Conforme a decisão, a juíza considera que não houve critérios na cobrança do tributo. “Destarte o exame dos autos, está presente o fumus boni iuris, pois conforme os documentos acostados, verifico ausência de critérios definidores da cobrança do imposto, pois se constataram aumentos e diminuições na cobrança do IPTU, com violação aos princípios tributários e normas do Código de Defesa do Consumidor”, afirma.

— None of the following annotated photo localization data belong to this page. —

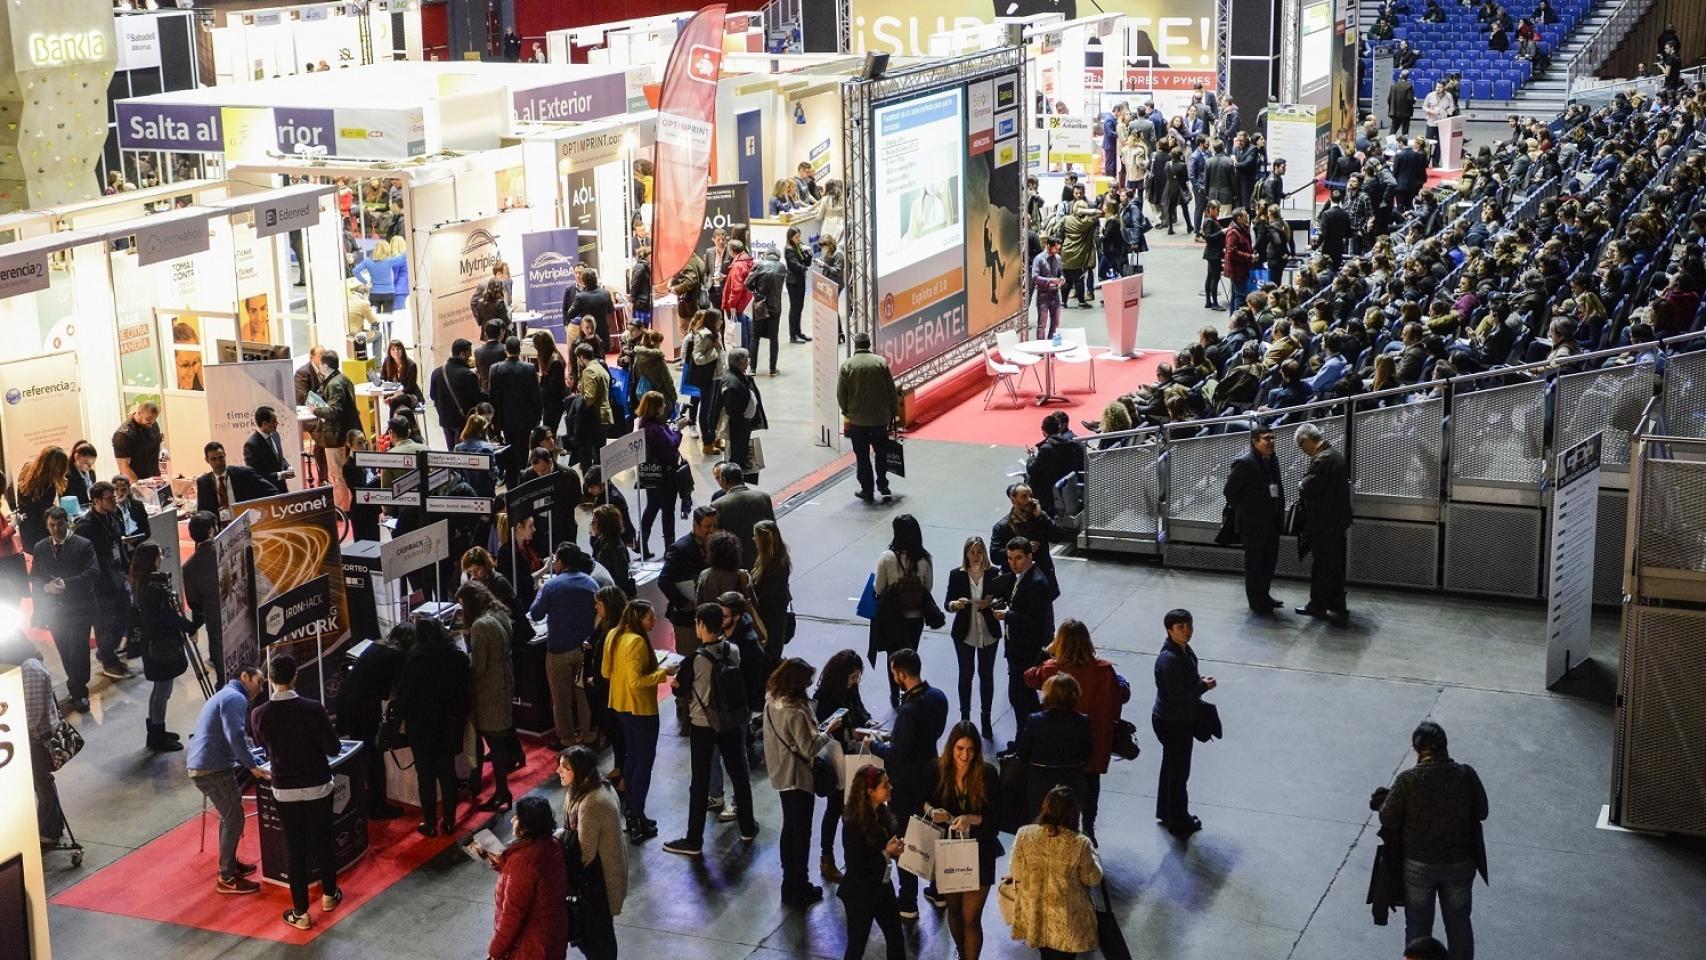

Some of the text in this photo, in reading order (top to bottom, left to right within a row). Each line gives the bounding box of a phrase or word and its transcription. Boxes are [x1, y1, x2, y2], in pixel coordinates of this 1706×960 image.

[33, 32, 106, 63] Bankia
[1162, 76, 1171, 85] Y
[1173, 76, 1211, 85] PYMES
[523, 98, 535, 120] al
[539, 91, 592, 121] Exterior
[130, 114, 218, 141] Salta al
[277, 118, 323, 145] rior
[572, 186, 595, 207] AOL
[278, 204, 310, 221] Edenred
[703, 213, 735, 230] AOL
[751, 239, 777, 250] ebook
[0, 261, 43, 282] erencia2
[459, 250, 501, 277] MytripleA
[529, 266, 576, 283] MytripleA
[121, 338, 149, 354] ANERA
[226, 409, 251, 420] time
[639, 462, 662, 472] Salón
[270, 494, 327, 520] Lyconet
[370, 492, 417, 503] eComerce
[341, 564, 368, 573] SORTEO
[285, 593, 324, 619] IRONHACK
[284, 616, 339, 641] WORK
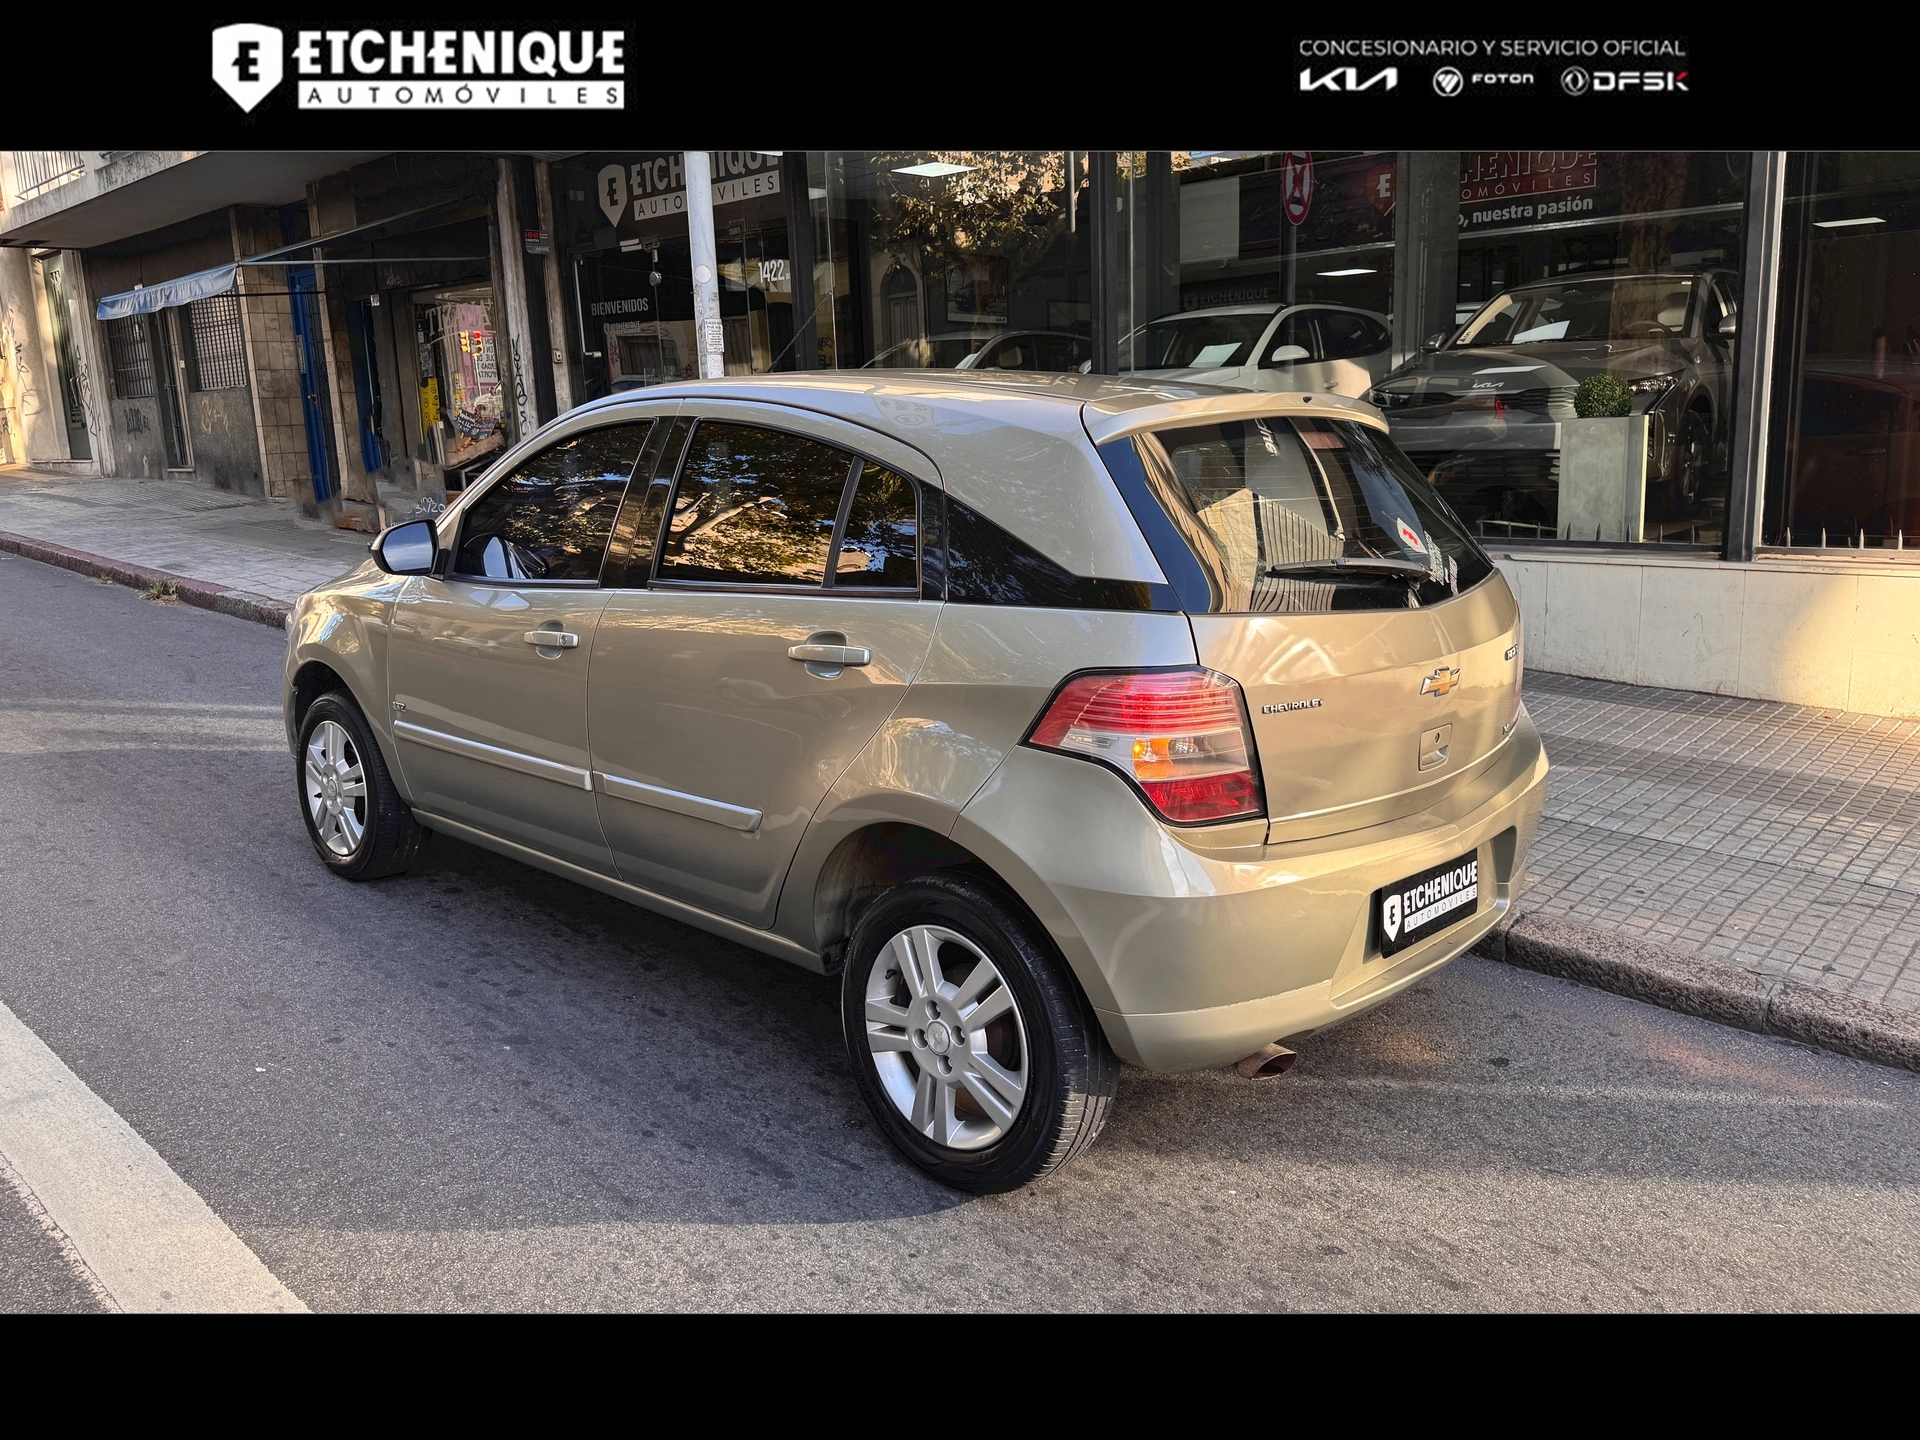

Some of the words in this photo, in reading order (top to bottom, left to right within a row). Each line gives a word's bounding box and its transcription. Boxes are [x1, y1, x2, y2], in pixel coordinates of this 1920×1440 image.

Confira aqui a íntegra da decisão
IPTU
De acordo com o secretário municipal de Finanças, Tecnologia da Informação e Controle Interno, Ulisses Tapajós, a quatro dias do vencimento do IPTU, apenas 130 contribuintes entraram com processos junto à Semef para impugnar o valor do seu IPTU neste exercício. Em 2015, a secretaria recebeu um total de 357 processos. Os números foram apurados junto ao Sistema Integrado de gestão de Documentos (SIged) da Prefeitura de Manaus.
Até a última quinta-feira (10/03), aproximadamente 70 mil contribuintes já haviam realizado o pagamento do IPTU 2016. Do total, mais de 44 mil contribuintes optaram pelo pagamento da cota única com desconto. Para este ano, a Semef lançou uma base de 529 mil imóveis.
Tapajós disse que todos os dados serão apresentados ao MPE-AM, na próxima segunda-feira (14/03), junto com explicações quanto à base de cálculo do IPTU para 2016. Nesta semana, o órgão solicitou da Semef informações sobre o assunto.
“Recebemos as solicitações do promotor e já levantamos uma série de argumentos para mostrar que os nossos cálculos foram feitos dentro das conformidades. O Ministério Público nos apresentou três casos que iremos estudar e analisar com todo o entusiasmo, pois trabalhamos sempre em busca de acertos”, pontuou Tapajós.
Conforme explicou o secretário da Semef, em um universo com mais de 500 mil lançamentos de IPTU, como é o caso de Manaus, é completamente normal ocorrerem divergências de lançamentos. “São caso pontuais, como pode acontecer em qualquer outra grande capital. Este ano, os pedidos de impugnações direcionados a valores de lançamento não chegou nem a metade do que foi contestado no ano passado”, avaliou.
Em cifras, o Município já arrecadou aproximadamente R$ 25 milhões com o imposto. A meta do município, segundo Tapajós, é fechar o ano com uma receita de R$ 200 milhões. “A arrecadação do IPTU é de extrema importância para os projetos de educação, saúde e infraestrutura do nosso município e a população tem entendido isso. Em relação ao mesmo período do ano passado, o quantitativo de contribuintes que já pagaram seu imposto cresceu 30%”, concluiu.